O Parque do Povo, palco de uma das maiores festas juninas do Nordeste, em Campina Grande, na Paraíba, enfrenta uma crise sem precedentes neste dia de São João (24) – o ápice da festa – com shows de artistas como Waldonys, Ton Oliveira e Geraldo Azevedo que não conseguem atrair o público esperado.
O espaço, com capacidade diária para 76 mil pessoas, tem permanecido abaixo da lotação máxima, sinalizando uma queda drástica na popularidade do evento.
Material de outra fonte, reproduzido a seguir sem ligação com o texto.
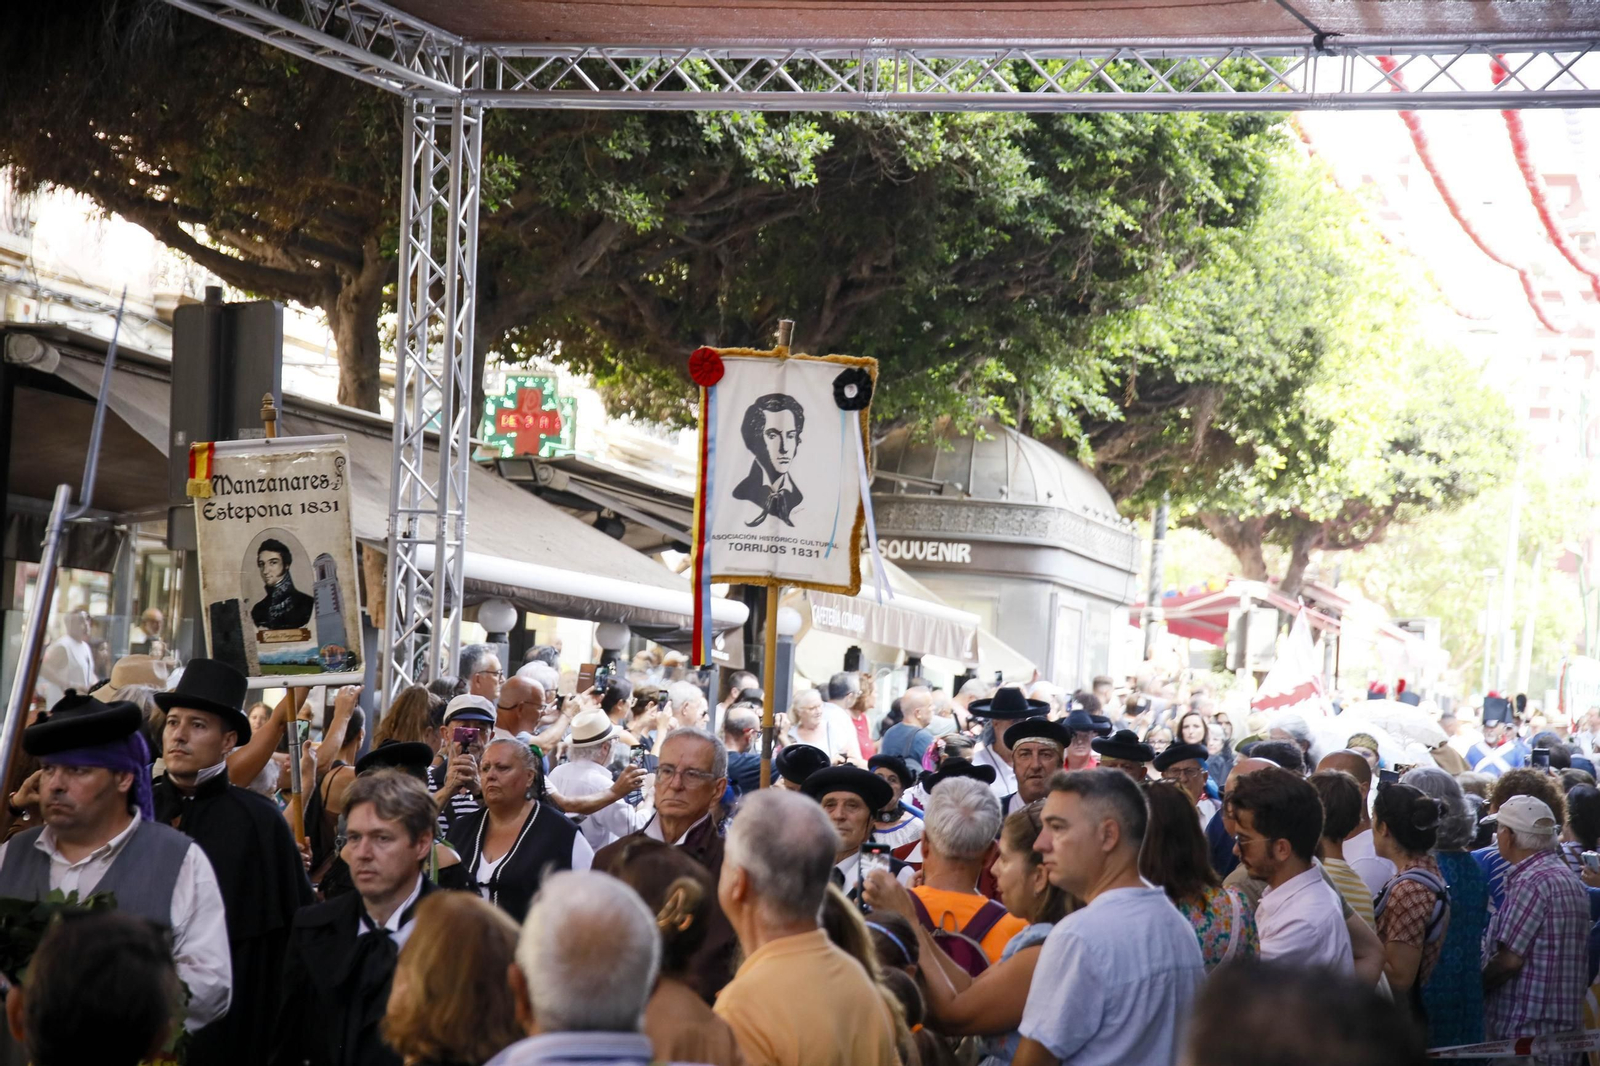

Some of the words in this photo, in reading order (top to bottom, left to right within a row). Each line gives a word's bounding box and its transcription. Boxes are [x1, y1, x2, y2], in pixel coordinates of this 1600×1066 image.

A festa, que já foi um símbolo de orgulho, agora é vista por muitos como um evento inflado e distante das raízes comunitárias que a caracterizavam até meados dos anos 80.
A transformação de uma celebração simples e comunitária para um evento grandioso e comercializado, iniciada pelo então prefeito Ronaldo Cunha Lima em 1986, parece ter perdido seu charme. O que antes era uma festa de 30 dias, hoje se estende por 38 dias, de 30 de maio a 6 de julho, mas a movimentação econômica de R$ 740 milhões e a atração de mais de 3,5 milhões de pessoas não compensam a perda da autenticidade cultural.
Em 2024, com a expansão do Parque do Povo para quase 40 mil m², a festa parece ter se tornado um grande festival de música comercial, com uma estrutura que lembra mais um shopping a céu aberto do que uma celebração tradicional. A presença de estandes de marcas e a comercialização excessiva afastam os moradores locais, que sentem a falta da simplicidade e do espírito comunitário dos festejos juninos de outrora.